**Work to be completed:** Return the records that follow unaltered. Omit every picture.

**Dataset records:**

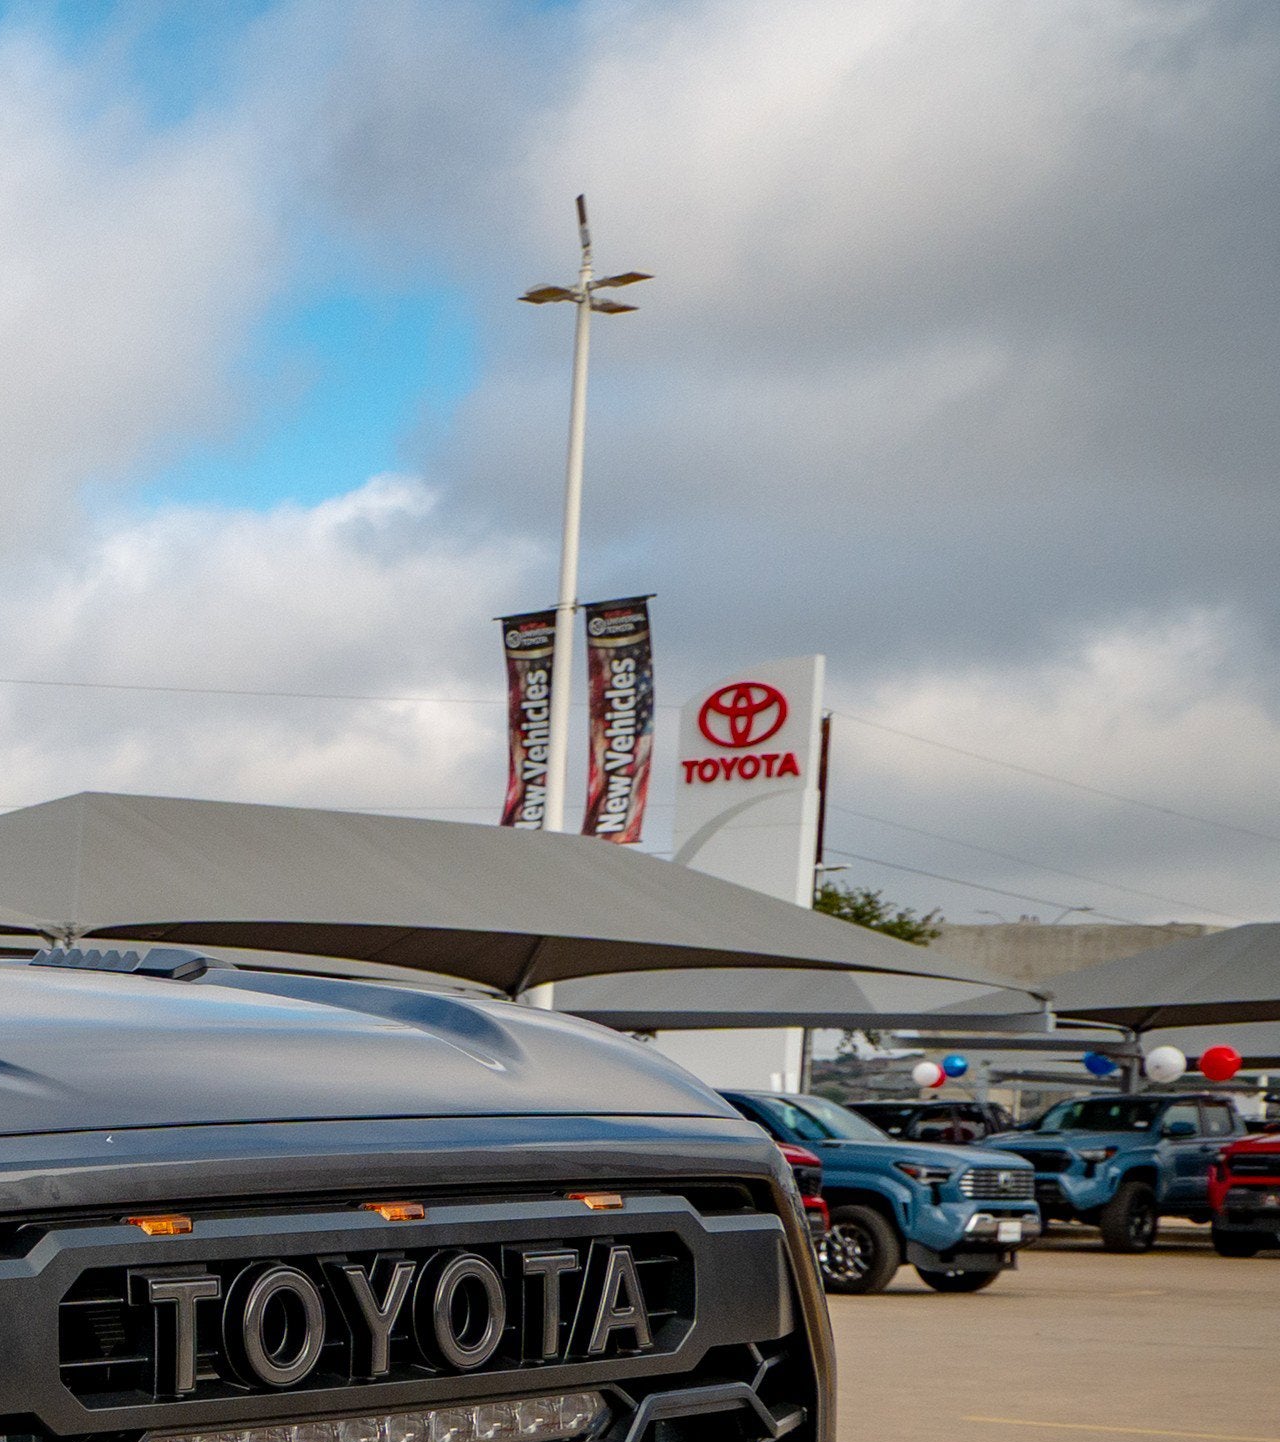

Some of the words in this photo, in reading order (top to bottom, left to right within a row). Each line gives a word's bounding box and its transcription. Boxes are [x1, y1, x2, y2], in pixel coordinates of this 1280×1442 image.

[521, 669, 549, 780] Vehicles
[604, 657, 636, 771] Vehicles
[682, 753, 800, 784] TOYOTA
[595, 775, 632, 833] New
[140, 1240, 654, 1396] TOYOTA
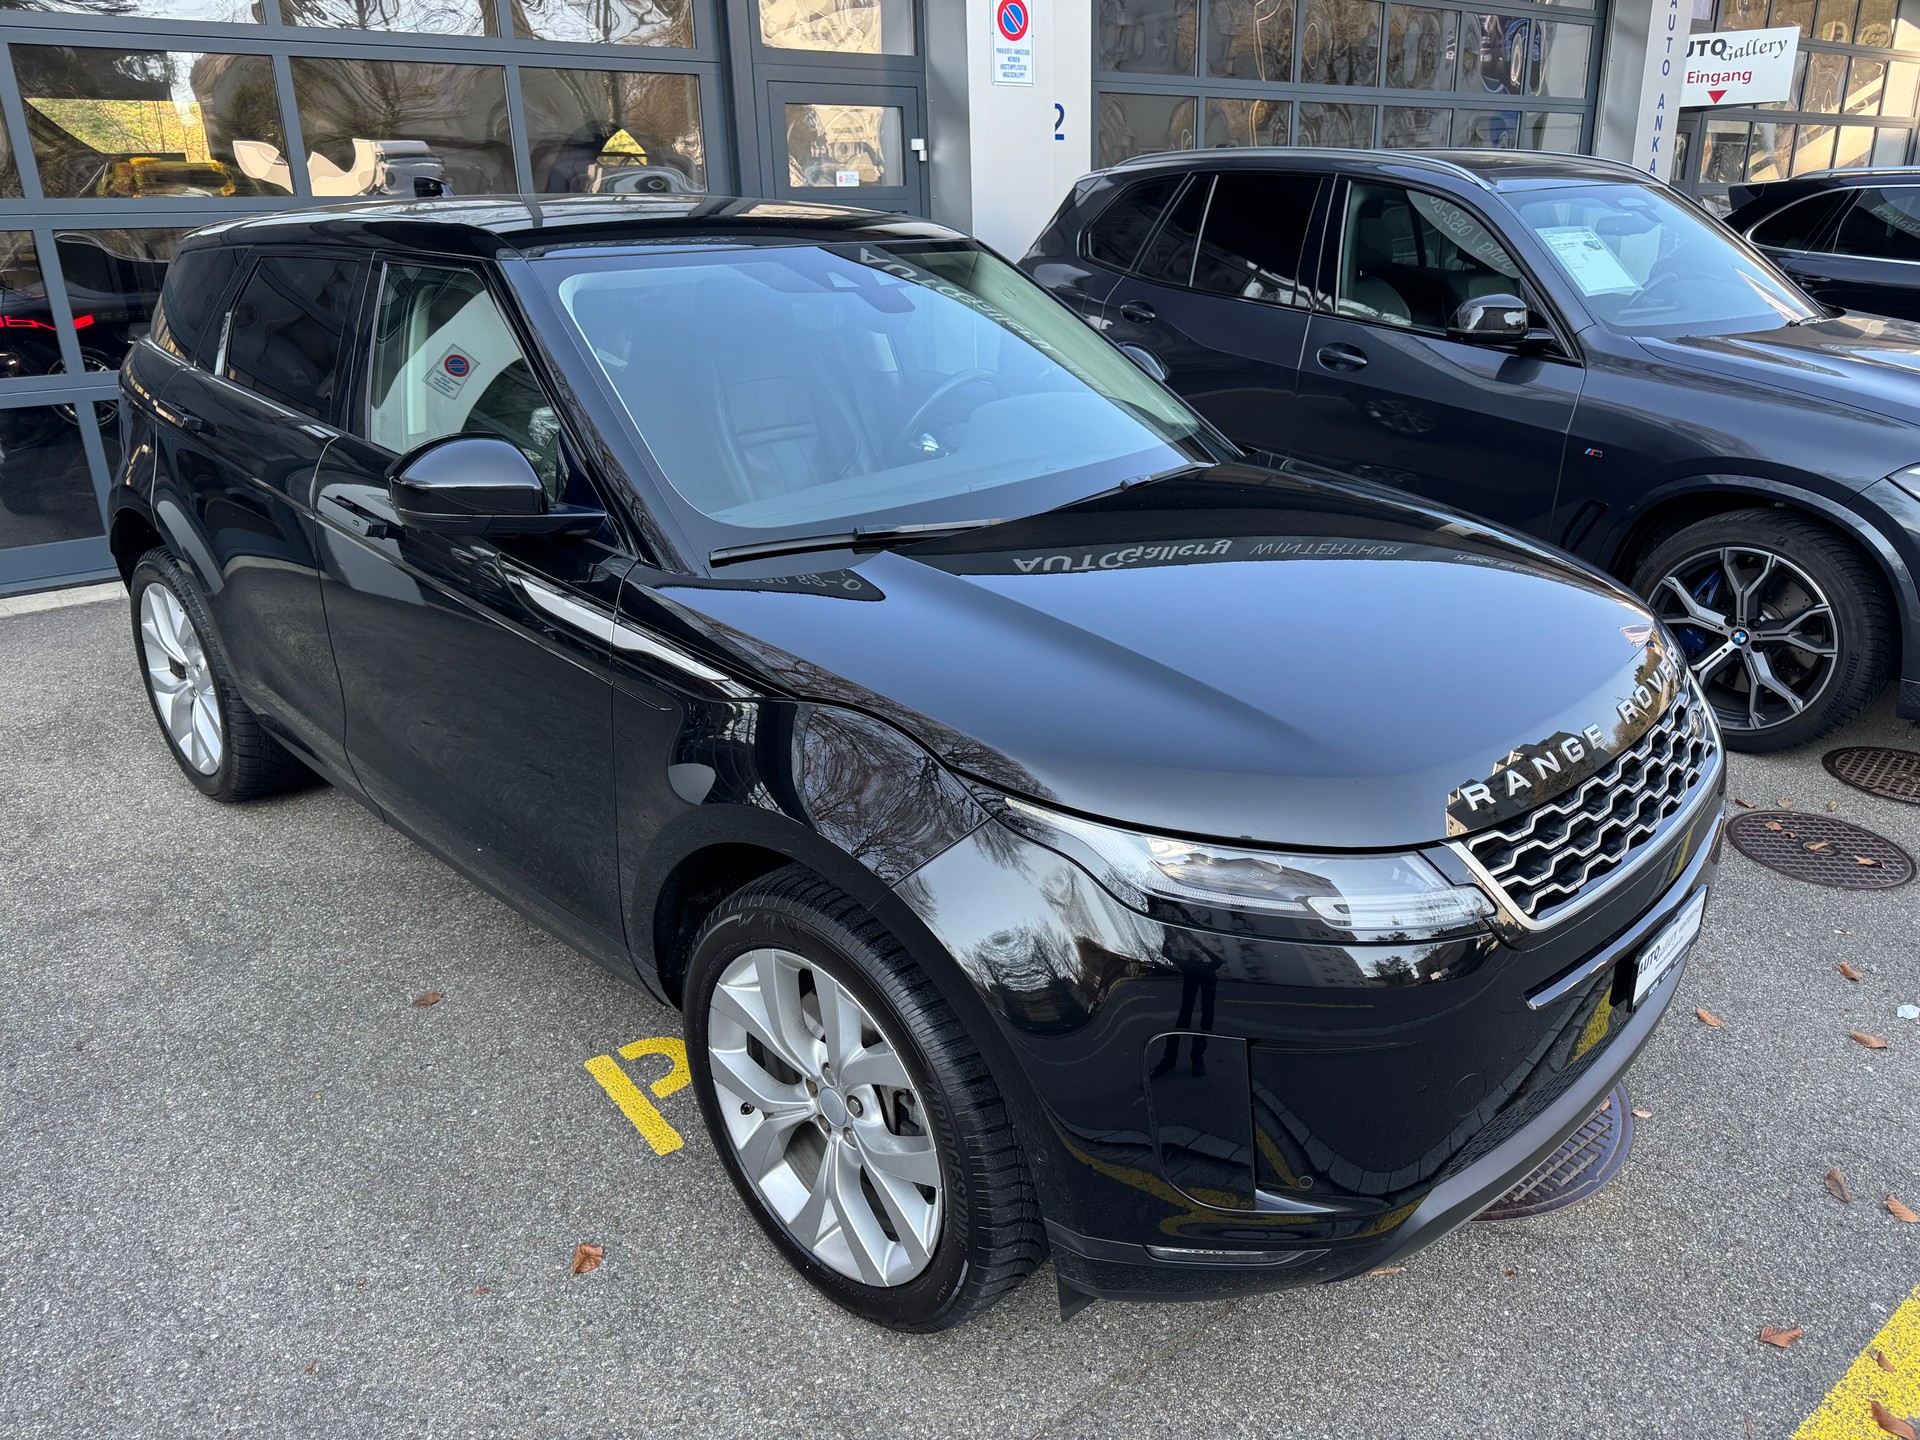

**Expected answer:**
Some of the words in this photo, in reading order (top to bottom, left to right within a row). Each line gives a word's bounding box and its transcription. Boxes are [x1, y1, x2, y2], in pixel coordinates of this 1280×1442 image.

[521, 669, 549, 780] Vehicles
[604, 657, 636, 771] Vehicles
[682, 753, 800, 784] TOYOTA
[595, 775, 632, 833] New
[140, 1240, 654, 1396] TOYOTA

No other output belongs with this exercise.